Task description> Return the entire listing, word for word.

The data>

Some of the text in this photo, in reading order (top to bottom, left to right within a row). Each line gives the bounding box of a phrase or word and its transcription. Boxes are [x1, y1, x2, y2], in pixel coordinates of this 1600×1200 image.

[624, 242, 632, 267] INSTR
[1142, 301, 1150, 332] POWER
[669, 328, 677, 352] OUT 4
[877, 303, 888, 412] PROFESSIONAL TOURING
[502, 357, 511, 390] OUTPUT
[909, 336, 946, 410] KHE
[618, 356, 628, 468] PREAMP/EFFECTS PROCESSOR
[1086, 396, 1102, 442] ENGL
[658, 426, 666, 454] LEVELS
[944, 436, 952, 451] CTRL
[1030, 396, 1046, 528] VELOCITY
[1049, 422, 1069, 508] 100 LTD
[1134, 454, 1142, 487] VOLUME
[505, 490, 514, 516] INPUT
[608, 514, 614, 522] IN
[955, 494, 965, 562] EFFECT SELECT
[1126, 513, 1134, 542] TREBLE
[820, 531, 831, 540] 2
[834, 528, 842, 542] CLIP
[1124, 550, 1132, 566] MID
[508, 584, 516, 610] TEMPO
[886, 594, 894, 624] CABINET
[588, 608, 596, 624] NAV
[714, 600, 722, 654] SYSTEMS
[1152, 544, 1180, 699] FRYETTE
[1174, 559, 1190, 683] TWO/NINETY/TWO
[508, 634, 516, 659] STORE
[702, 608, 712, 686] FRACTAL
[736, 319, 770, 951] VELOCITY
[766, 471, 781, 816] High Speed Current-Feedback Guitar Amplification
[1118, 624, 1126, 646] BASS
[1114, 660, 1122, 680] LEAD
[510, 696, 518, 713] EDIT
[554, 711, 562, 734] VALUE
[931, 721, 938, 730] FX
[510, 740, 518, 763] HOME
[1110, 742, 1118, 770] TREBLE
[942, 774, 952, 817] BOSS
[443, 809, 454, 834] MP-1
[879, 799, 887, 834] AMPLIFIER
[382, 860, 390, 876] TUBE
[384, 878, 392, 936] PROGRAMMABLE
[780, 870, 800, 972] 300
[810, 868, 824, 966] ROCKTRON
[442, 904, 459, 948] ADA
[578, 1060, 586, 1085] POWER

Answer to this problem>
Some of the text in this photo, in reading order (top to bottom, left to right within a row). Each line gives the bounding box of a phrase or word and its transcription. Boxes are [x1, y1, x2, y2], in pixel coordinates of this 1600×1200 image.

[624, 242, 632, 267] INSTR
[1142, 301, 1150, 332] POWER
[669, 328, 677, 352] OUT 4
[877, 303, 888, 412] PROFESSIONAL TOURING
[502, 357, 511, 390] OUTPUT
[909, 336, 946, 410] KHE
[618, 356, 628, 468] PREAMP/EFFECTS PROCESSOR
[1086, 396, 1102, 442] ENGL
[658, 426, 666, 454] LEVELS
[944, 436, 952, 451] CTRL
[1030, 396, 1046, 528] VELOCITY
[1049, 422, 1069, 508] 100 LTD
[1134, 454, 1142, 487] VOLUME
[505, 490, 514, 516] INPUT
[608, 514, 614, 522] IN
[955, 494, 965, 562] EFFECT SELECT
[1126, 513, 1134, 542] TREBLE
[820, 531, 831, 540] 2
[834, 528, 842, 542] CLIP
[1124, 550, 1132, 566] MID
[508, 584, 516, 610] TEMPO
[886, 594, 894, 624] CABINET
[588, 608, 596, 624] NAV
[714, 600, 722, 654] SYSTEMS
[1152, 544, 1180, 699] FRYETTE
[1174, 559, 1190, 683] TWO/NINETY/TWO
[508, 634, 516, 659] STORE
[702, 608, 712, 686] FRACTAL
[736, 319, 770, 951] VELOCITY
[766, 471, 781, 816] High Speed Current-Feedback Guitar Amplification
[1118, 624, 1126, 646] BASS
[1114, 660, 1122, 680] LEAD
[510, 696, 518, 713] EDIT
[554, 711, 562, 734] VALUE
[931, 721, 938, 730] FX
[510, 740, 518, 763] HOME
[1110, 742, 1118, 770] TREBLE
[942, 774, 952, 817] BOSS
[443, 809, 454, 834] MP-1
[879, 799, 887, 834] AMPLIFIER
[382, 860, 390, 876] TUBE
[384, 878, 392, 936] PROGRAMMABLE
[780, 870, 800, 972] 300
[810, 868, 824, 966] ROCKTRON
[442, 904, 459, 948] ADA
[578, 1060, 586, 1085] POWER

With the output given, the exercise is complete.